Python module

rms_norm

Normalization layer.

`RMSNorm`

class max.nn.norm.rms_norm.RMSNorm(dim, dtype, eps=1e-06, weight_offset=0.0, multiply_before_cast=True)

Computes the Root Mean Square normalization on inputs.

Parameters:

dim (int) – Size of last dimension of the expected input.
eps (float) – Value added to denominator for numerical stability.
weight_offset (float) – Constant offset added to the learned weights at runtime. For Gemma-style RMSNorm, this should be set to 1.0.
multiply_before_cast (bool) – True if we multiply the inputs by the learned weights before casting to the input type (Gemma3-style). False if we cast the inputs to the input type first, then multiply by the learned weights (Llama-style).
dtype (DType)

shard(devices)

Creates sharded views of this RMSNorm across multiple devices.

Parameters:: devices (Iterable[DeviceRef]) – Iterable of devices to place the shards on.
Returns:: List of sharded RMSNorm instances, one for each device.
Return type:: Sequence[RMSNorm]

property sharding_strategy: ShardingStrategy | None

Get the RMSNorm sharding strategy.

class max.nn.norm.rms_norm.RMSNormV1(weight, eps=1e-06, weight_offset=0.0, multiply_before_cast=True)

Computes the Root Mean Square normalization on inputs.

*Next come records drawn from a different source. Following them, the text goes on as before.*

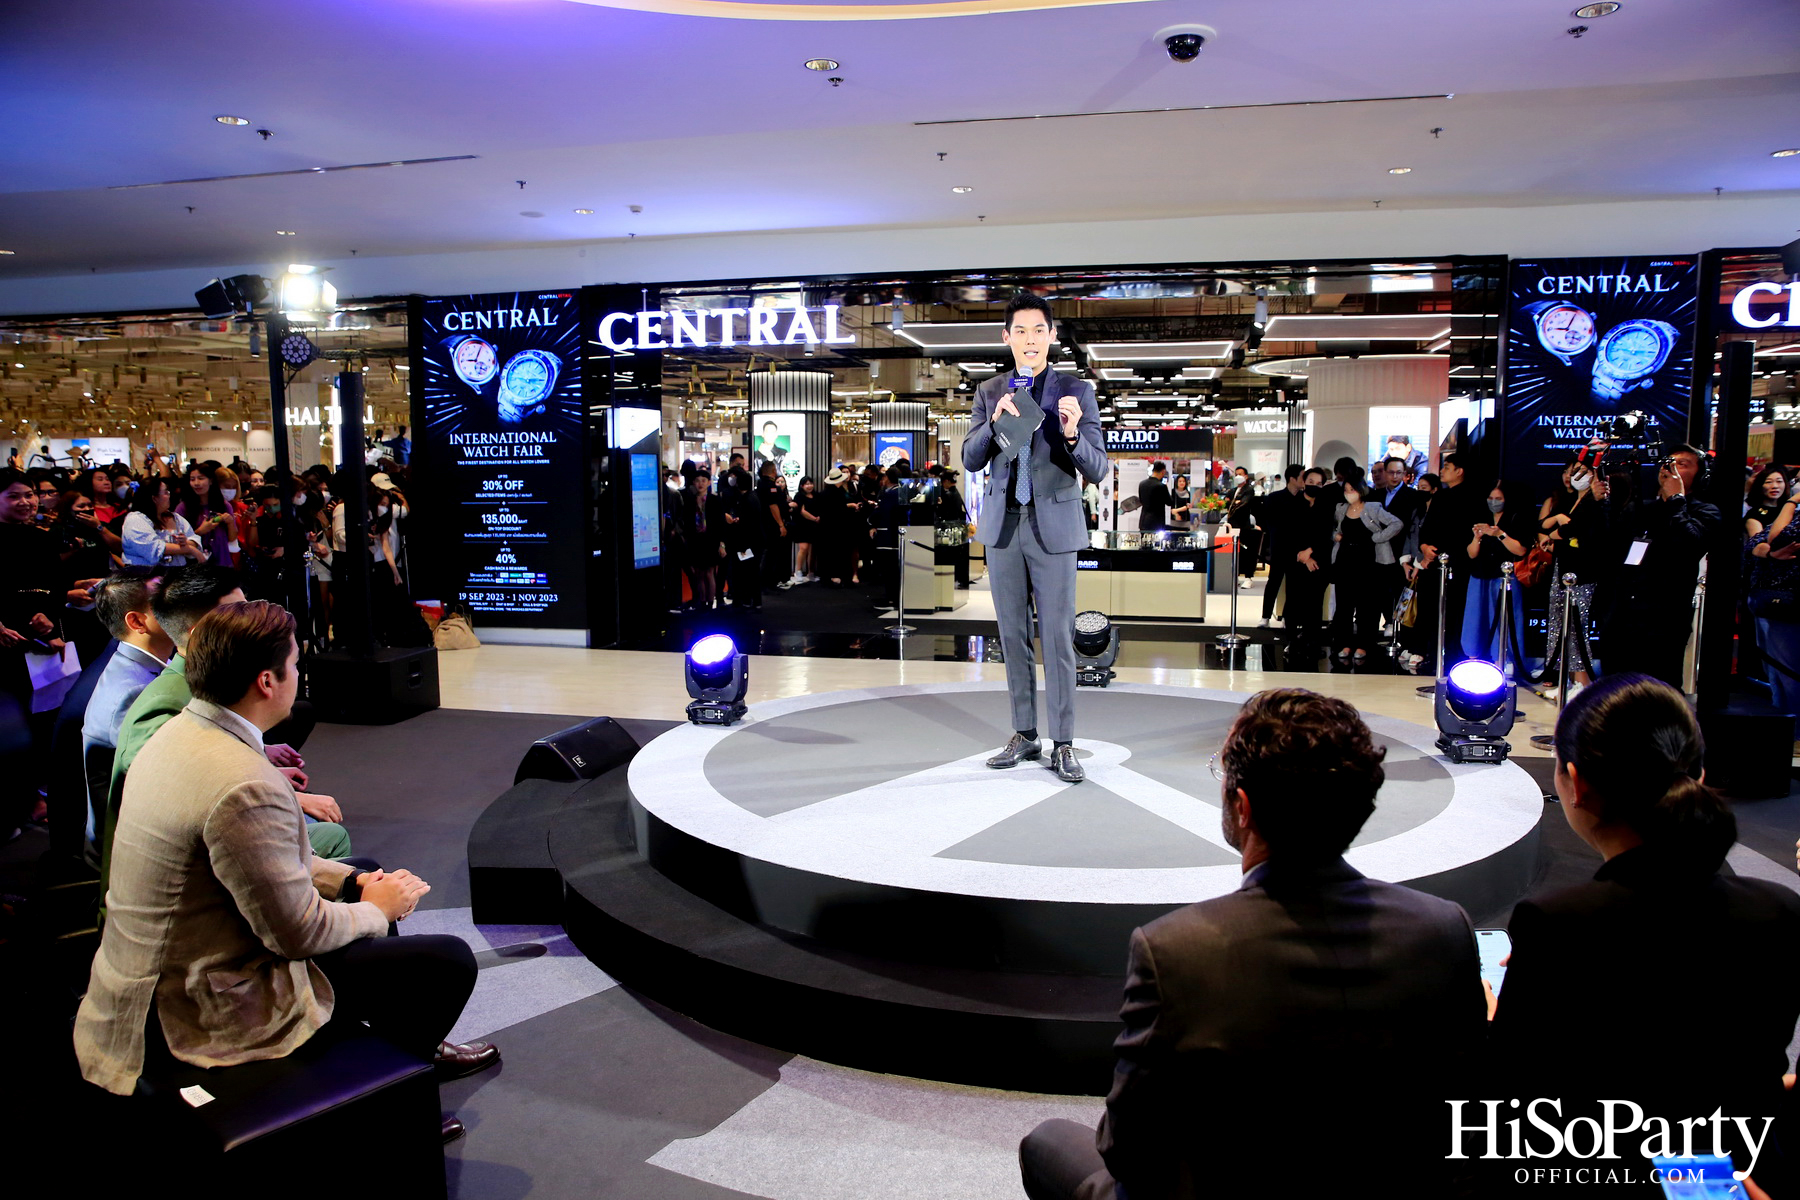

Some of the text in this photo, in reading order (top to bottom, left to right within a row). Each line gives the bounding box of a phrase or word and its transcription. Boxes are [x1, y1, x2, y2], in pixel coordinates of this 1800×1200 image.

[1537, 273, 1670, 294] CENTRAL
[444, 307, 557, 331] CENTRAL
[598, 305, 856, 350] CENTRAL
[1243, 420, 1288, 433] WATCH
[1553, 428, 1606, 438] WATCH
[449, 431, 557, 445] INTERNATIONAL
[1107, 430, 1160, 443] RADO
[463, 444, 544, 457] WATCH FAIR
[482, 480, 524, 491] 30% OFF
[481, 514, 518, 525] 135,000
[495, 553, 517, 564] 40%
[458, 592, 467, 600] 19
[485, 593, 505, 601] 2023
[538, 594, 558, 602] 2023
[1529, 618, 1538, 626] 19
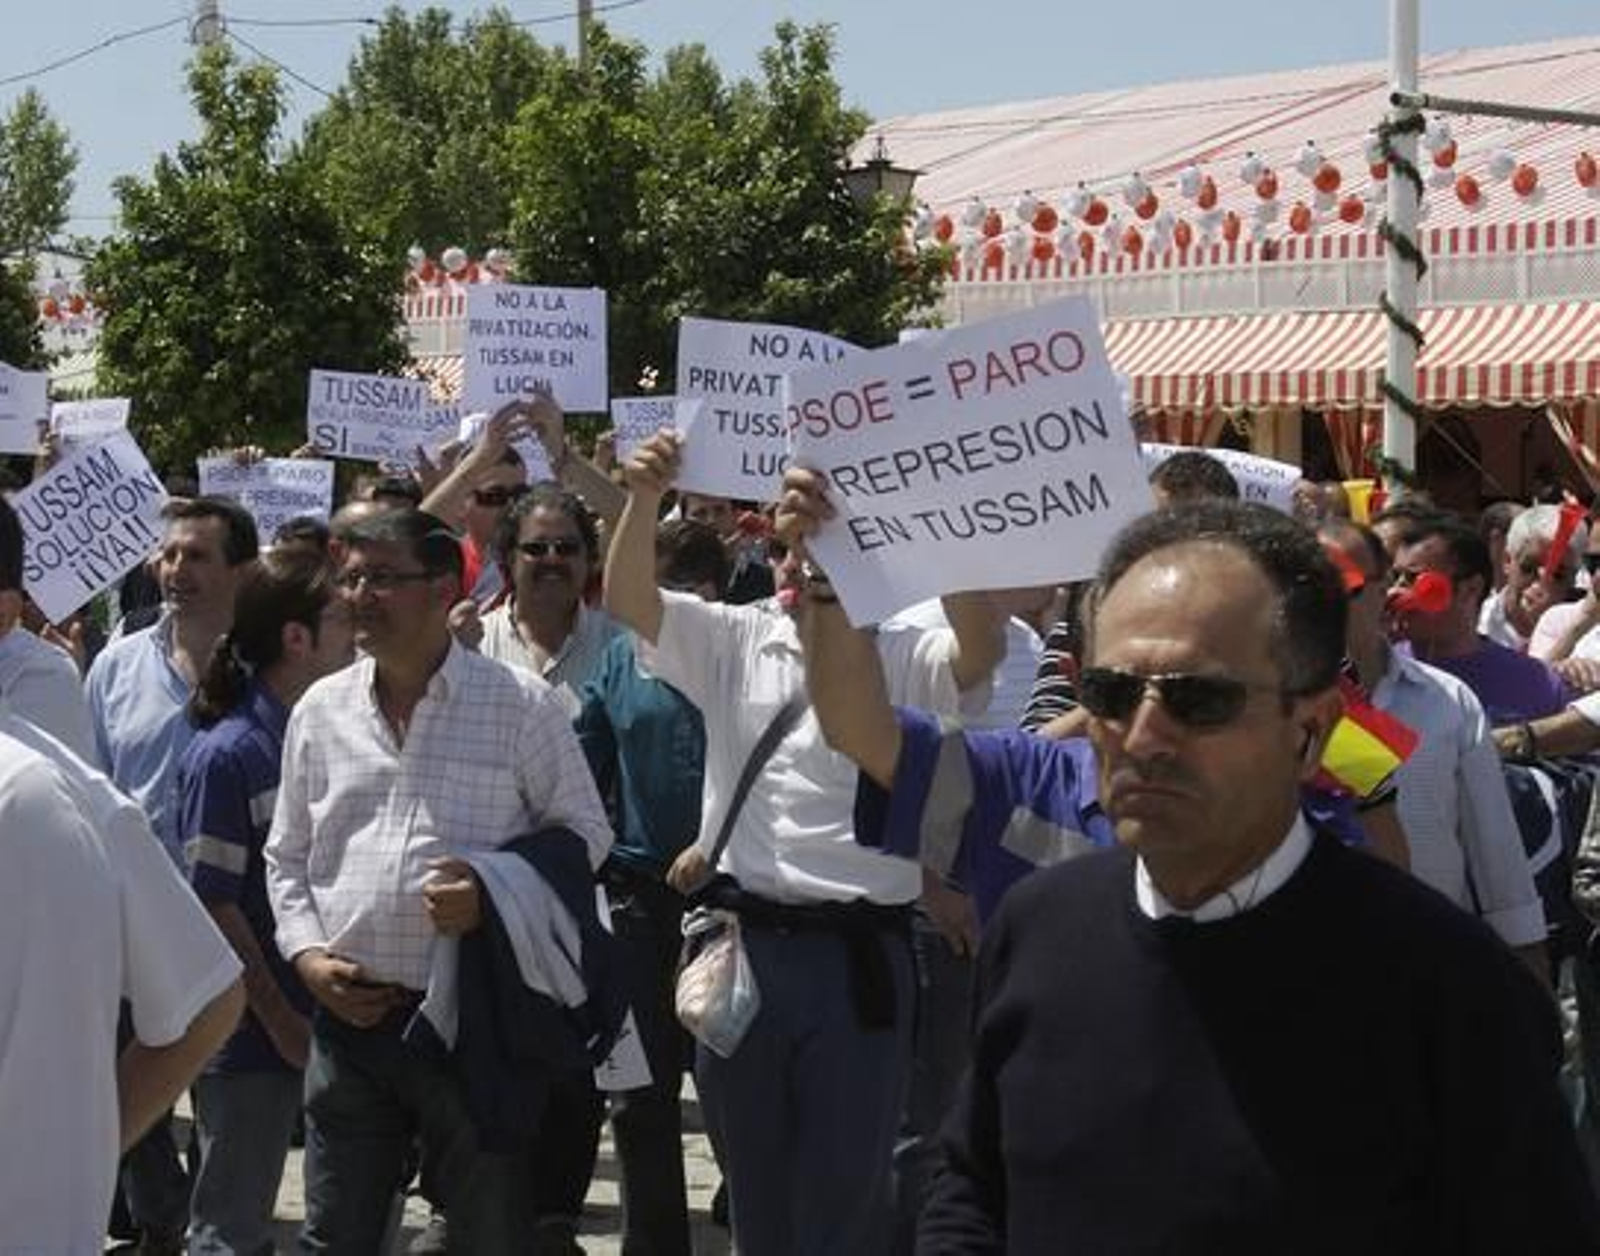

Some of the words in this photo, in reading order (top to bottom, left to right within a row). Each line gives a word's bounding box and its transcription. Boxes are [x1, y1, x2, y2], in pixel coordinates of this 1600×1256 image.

[495, 290, 521, 309] NO
[525, 291, 539, 309] A
[542, 292, 567, 312] LA
[479, 348, 544, 365] TUSSAM
[548, 349, 573, 368] EN
[750, 334, 790, 358] NO
[798, 338, 815, 361] A
[322, 376, 421, 412] TUSSAM
[787, 382, 894, 438] PSOE
[948, 330, 1086, 400] PARO
[313, 423, 348, 454] SI
[714, 409, 787, 438] TUSS
[831, 400, 1110, 497] REPRESION
[18, 448, 122, 533] USSAM
[23, 468, 161, 583] SOLUCION
[848, 514, 914, 551] EN
[911, 473, 1111, 543] TUSSAM
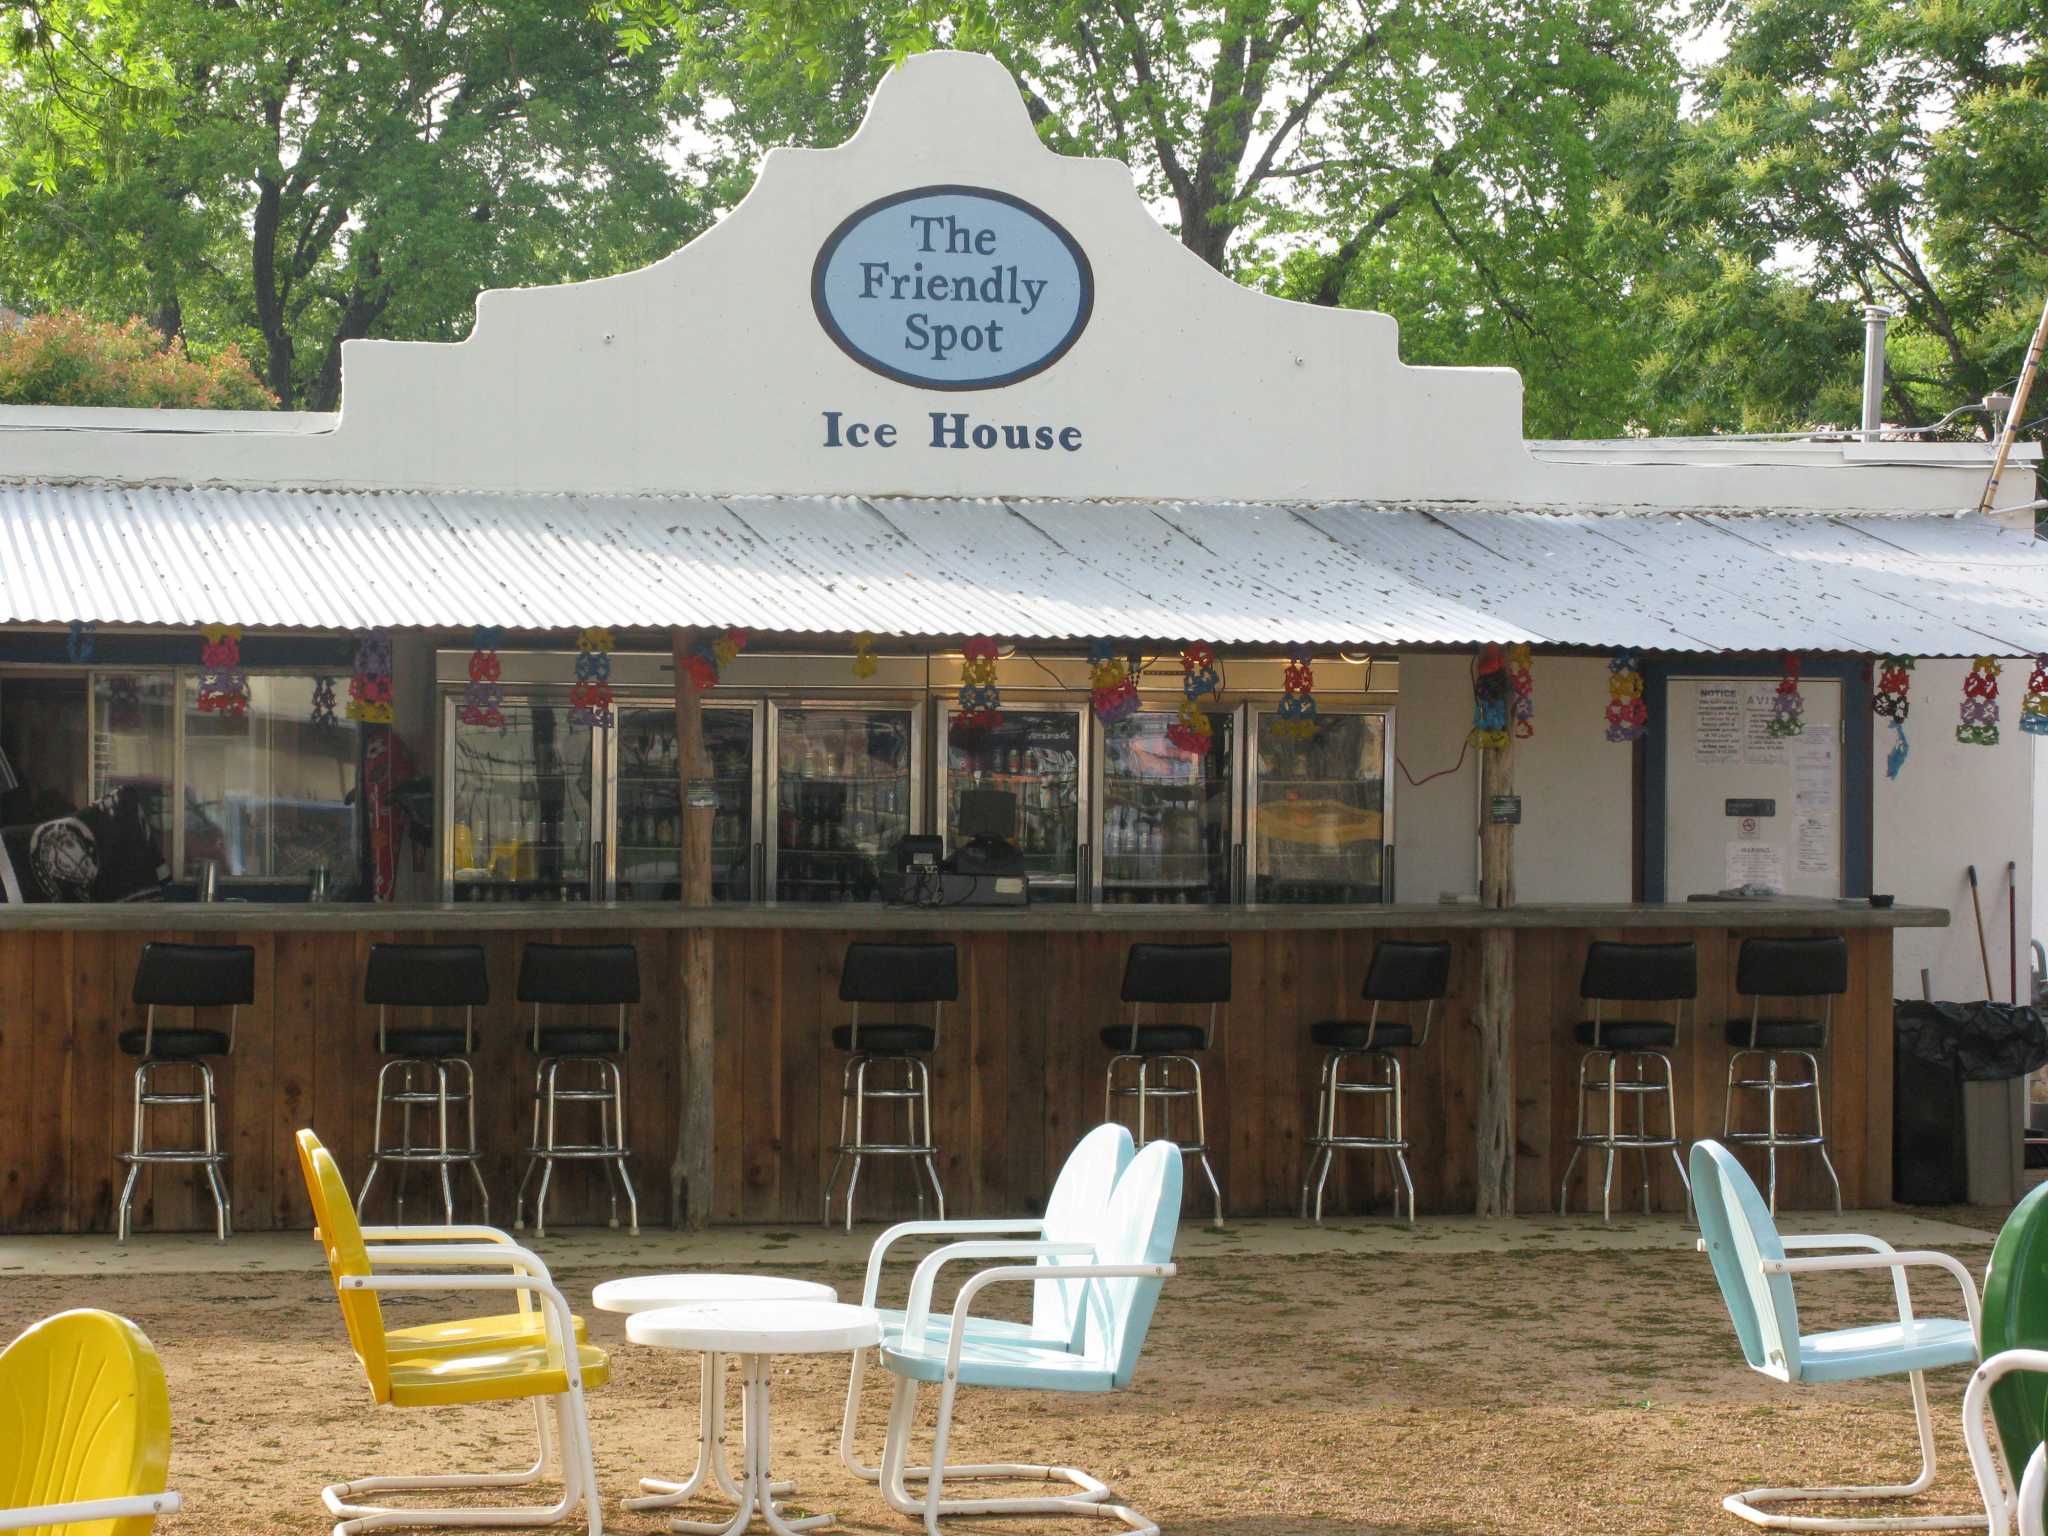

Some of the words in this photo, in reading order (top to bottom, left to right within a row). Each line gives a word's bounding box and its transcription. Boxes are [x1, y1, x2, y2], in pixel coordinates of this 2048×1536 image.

[911, 214, 996, 256] The
[858, 261, 1048, 315] Friendly
[904, 312, 1003, 361] Spot
[821, 411, 897, 448] Ice
[928, 412, 1082, 451] House
[1700, 689, 1737, 698] NOTICE
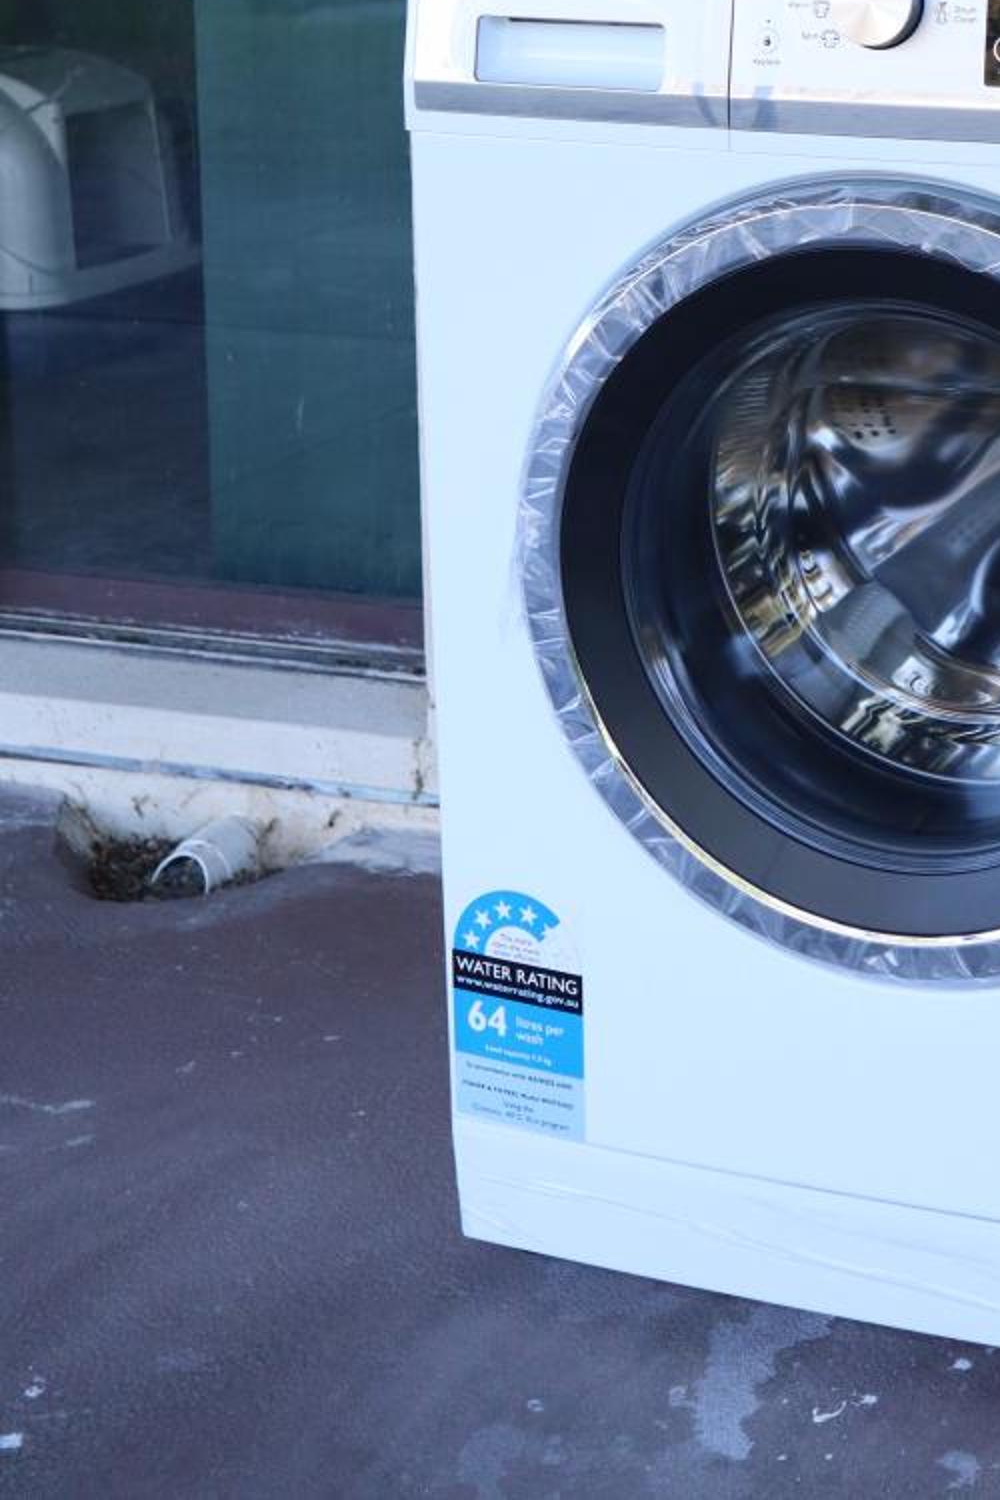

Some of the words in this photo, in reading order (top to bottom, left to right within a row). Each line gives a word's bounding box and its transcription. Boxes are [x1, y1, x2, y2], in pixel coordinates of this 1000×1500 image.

Deprecated: Use RMSNorm instead.

Parameters:

weight (Value[TensorType] | TensorValue | Shape | Dim | HasTensorValue | int | float | integer | floating | ndarray)
eps (float)
weight_offset (float)
multiply_before_cast (bool)

eps: float = 1e-06

multiply_before_cast: bool = True

weight: Value[TensorType] | TensorValue | Shape | Dim | HasTensorValue | int | float | integer | floating | ndarray

weight_offset: float = 0.0